▸ Work item
Reproduce the listing that follows character for character, excluding its pictures.

▸ Exercise data

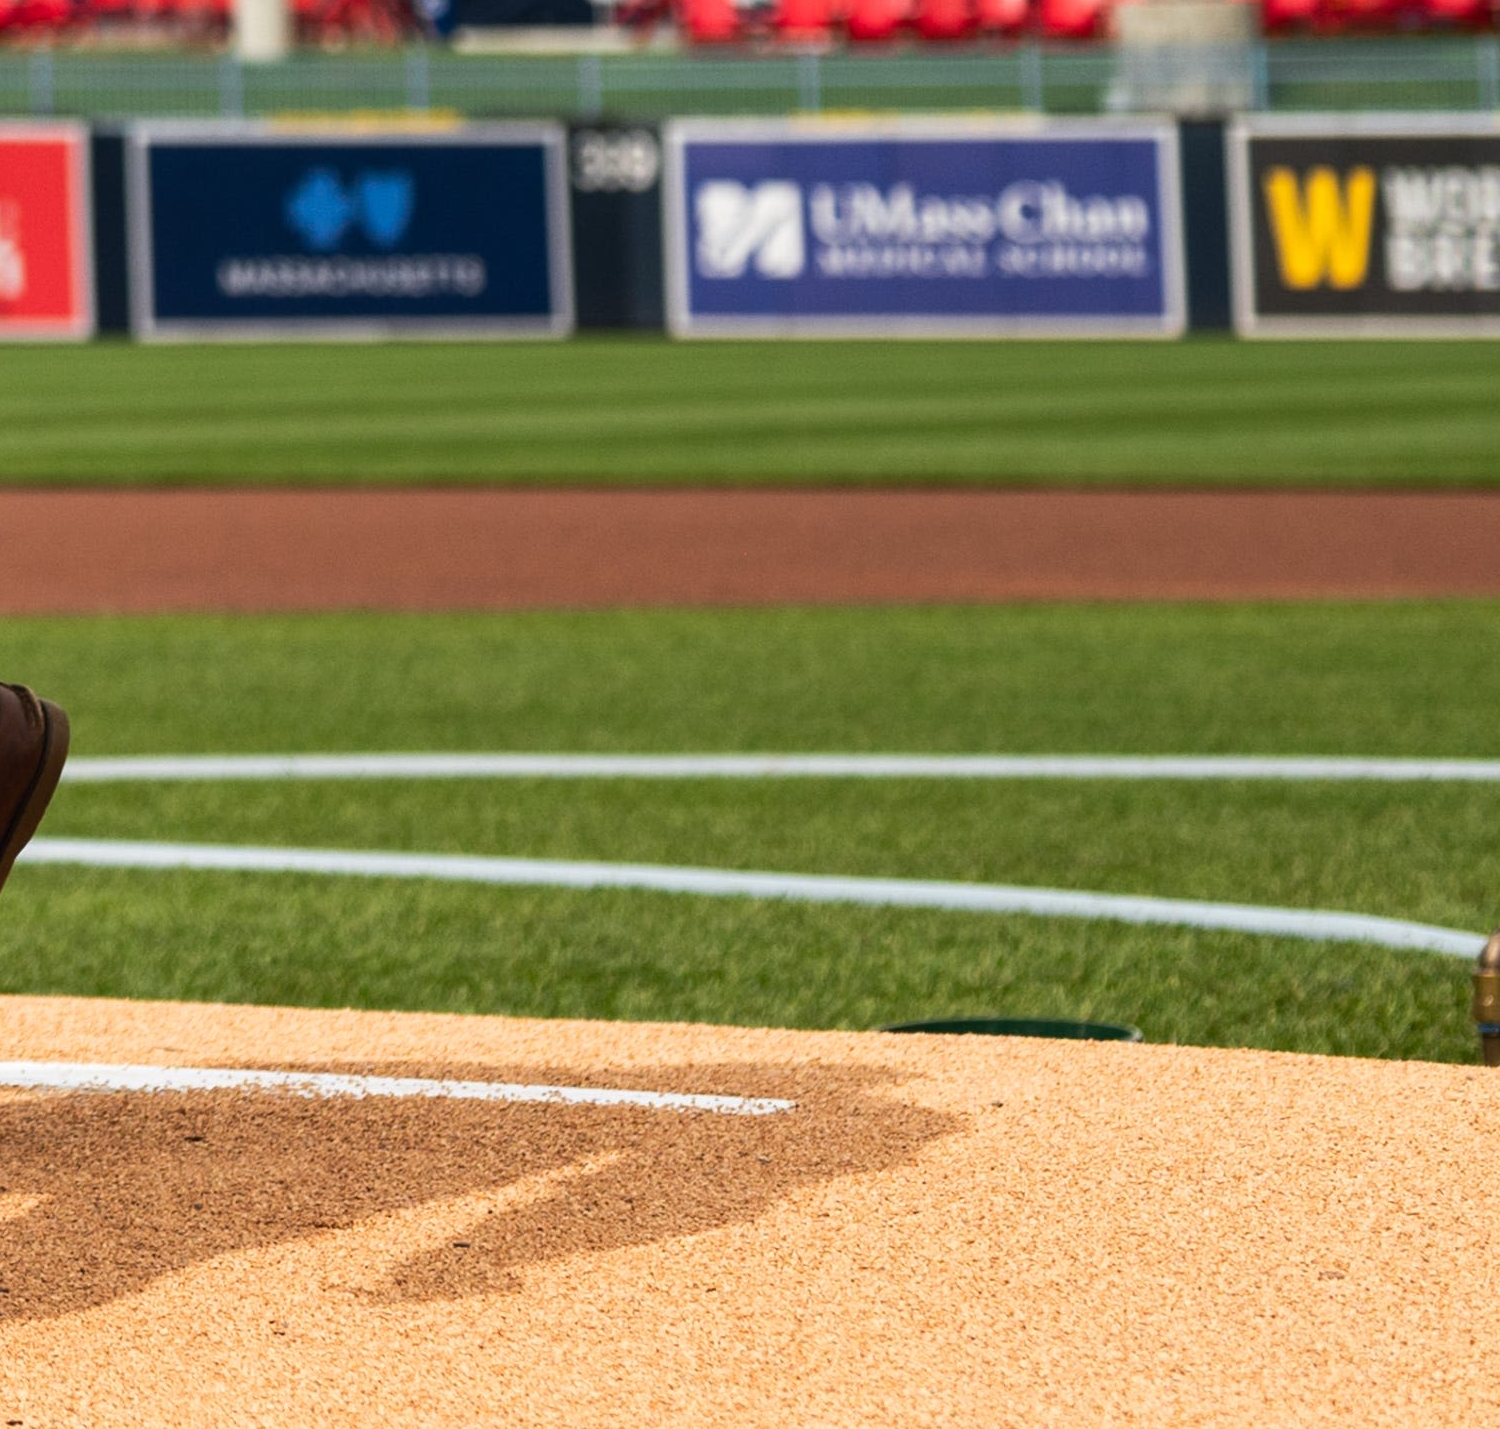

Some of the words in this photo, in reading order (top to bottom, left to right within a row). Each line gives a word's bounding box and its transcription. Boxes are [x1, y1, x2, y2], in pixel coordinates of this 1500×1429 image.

[811, 181, 995, 241] UMass
[998, 180, 1149, 241] Chan
[217, 254, 486, 300] MASSACHUSETTS
[815, 241, 988, 278] MEDICAL
[999, 241, 1151, 278] SCHOOL
[1384, 233, 1500, 293] BRE
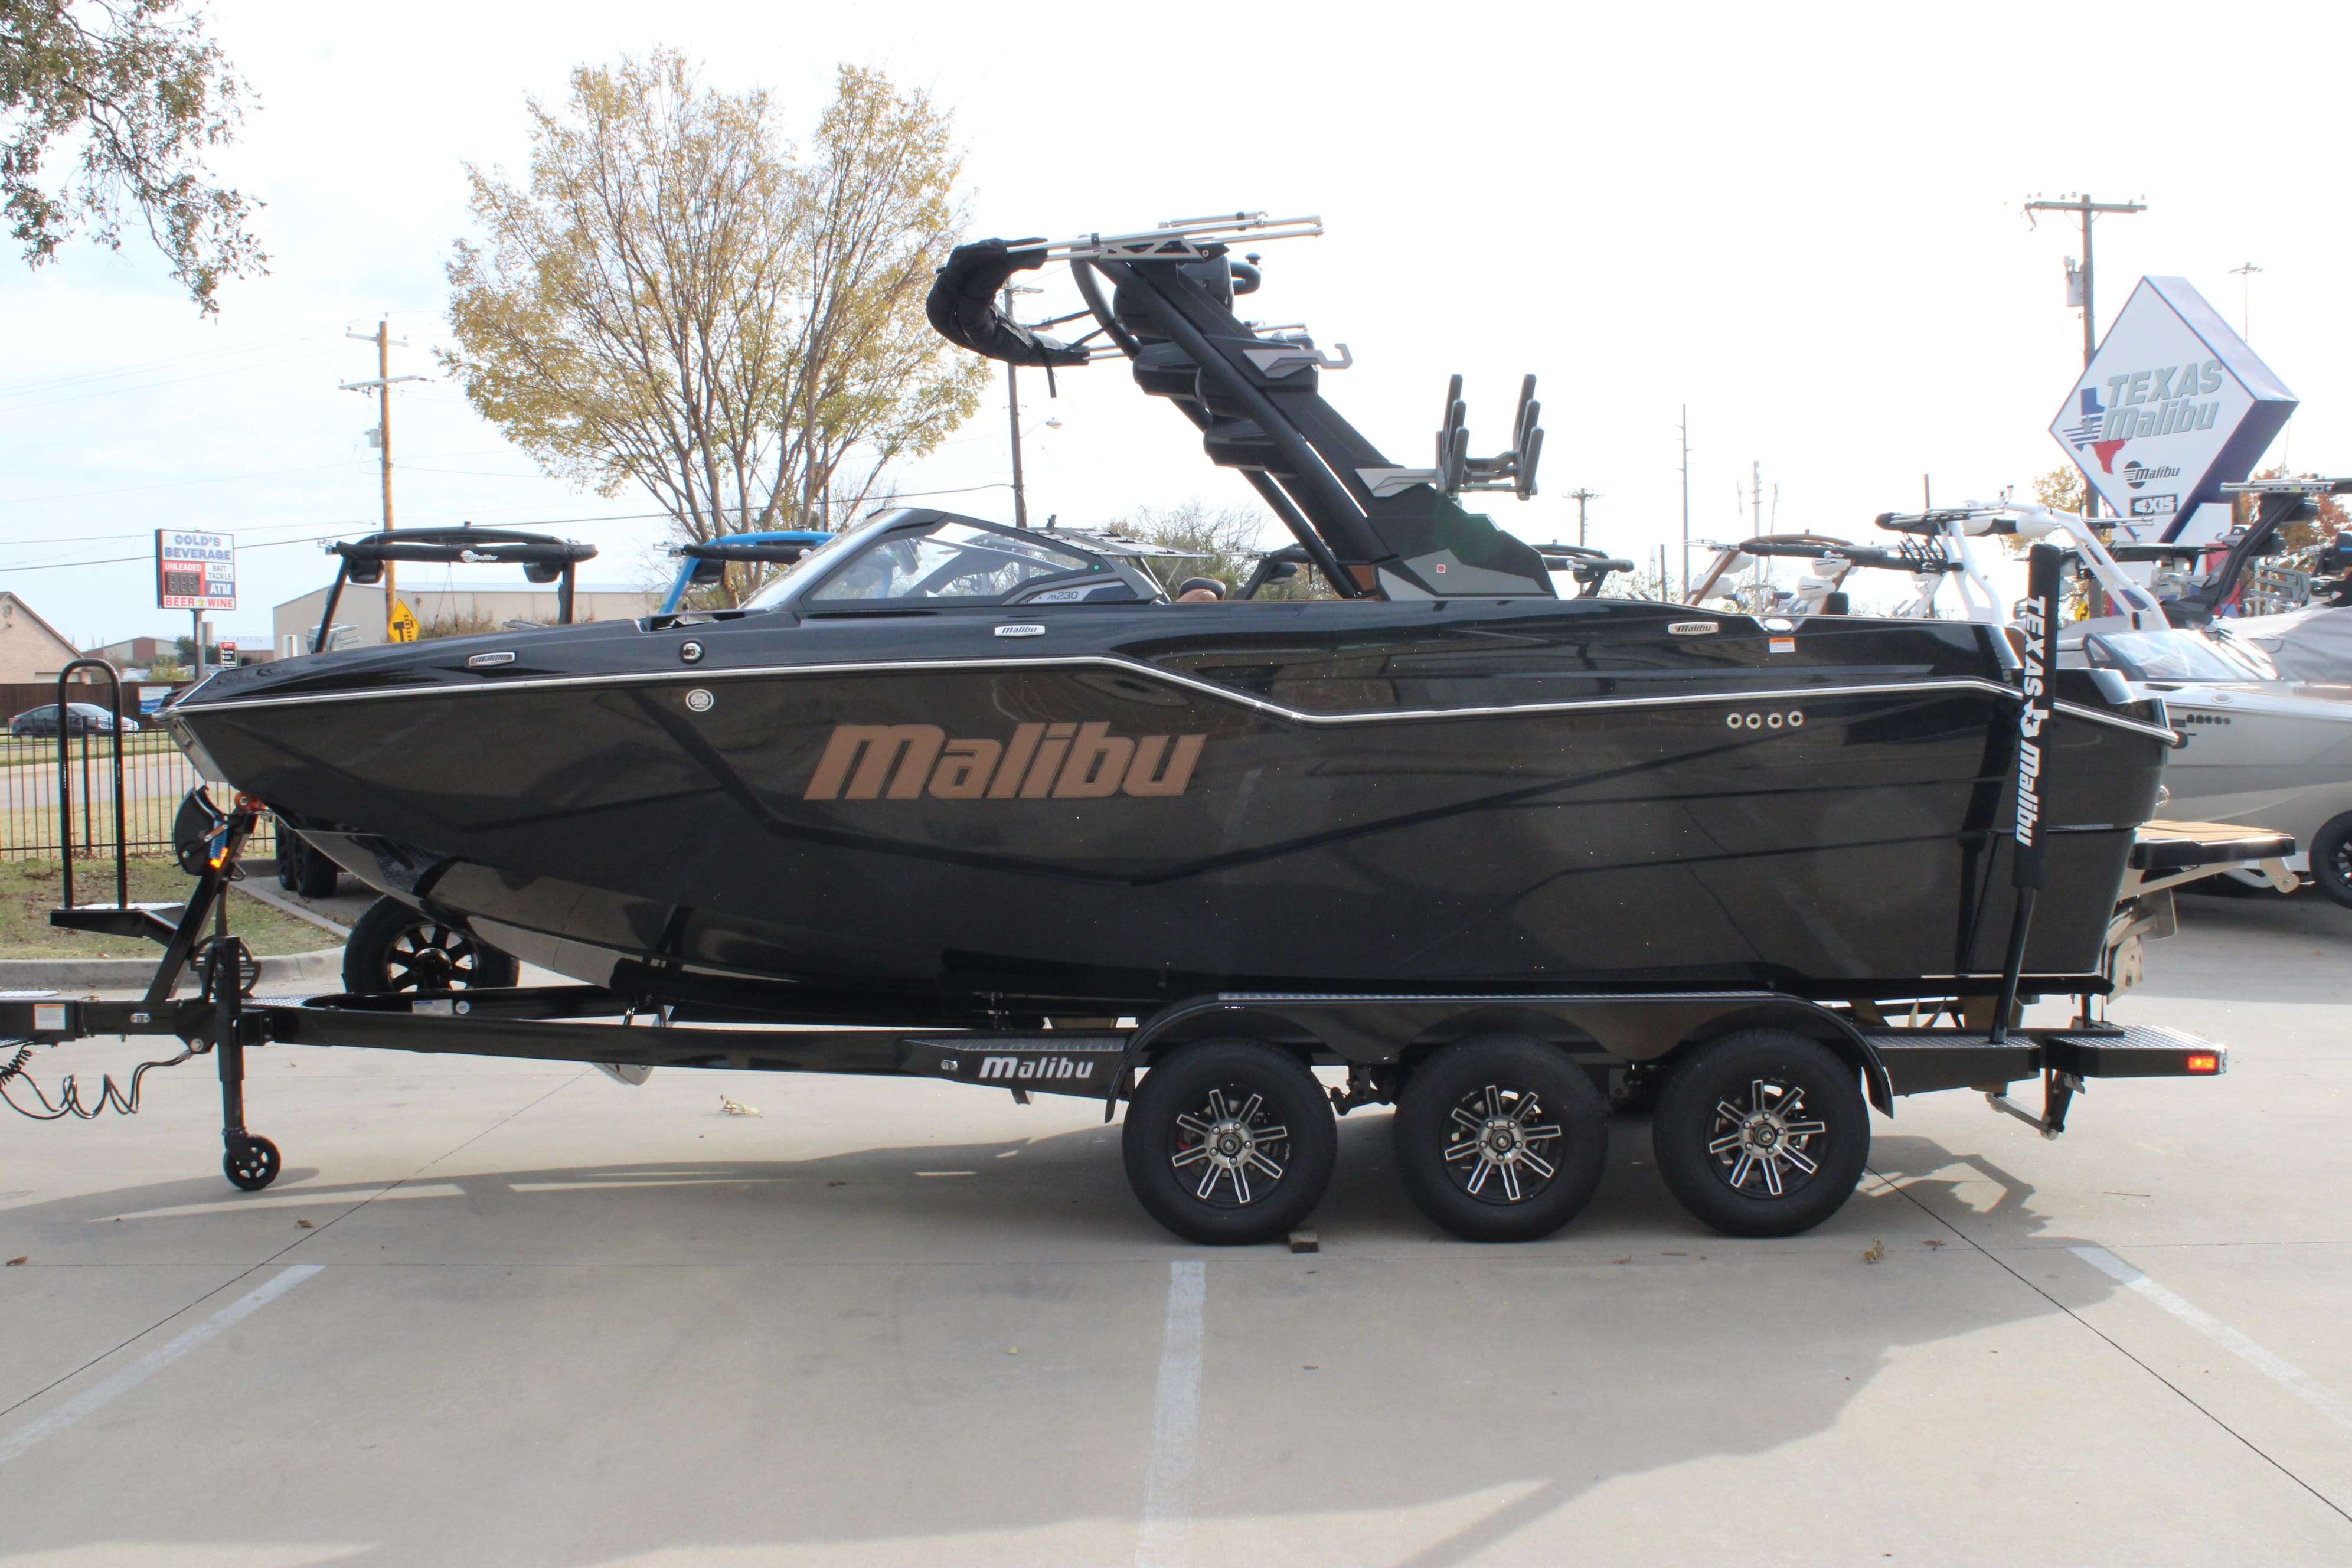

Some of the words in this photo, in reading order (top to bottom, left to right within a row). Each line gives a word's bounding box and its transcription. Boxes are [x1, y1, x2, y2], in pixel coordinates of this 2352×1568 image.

▸ Task response
Some of the words in this photo, in reading order (top to bottom, left to right within a row). Each line gives a word's bounding box and its transcription. Boxes are [x1, y1, x2, y2], in pixel coordinates of this 1500×1429 image.

[811, 181, 995, 241] UMass
[998, 180, 1149, 241] Chan
[217, 254, 486, 300] MASSACHUSETTS
[815, 241, 988, 278] MEDICAL
[999, 241, 1151, 278] SCHOOL
[1384, 233, 1500, 293] BRE

Some of the words in this photo, in reading order (top to bottom, left to right within a row). Each line gives a word's bounding box and its transcription. Boxes are [x1, y1, x2, y2], in pixel coordinates of this 2352×1568 image.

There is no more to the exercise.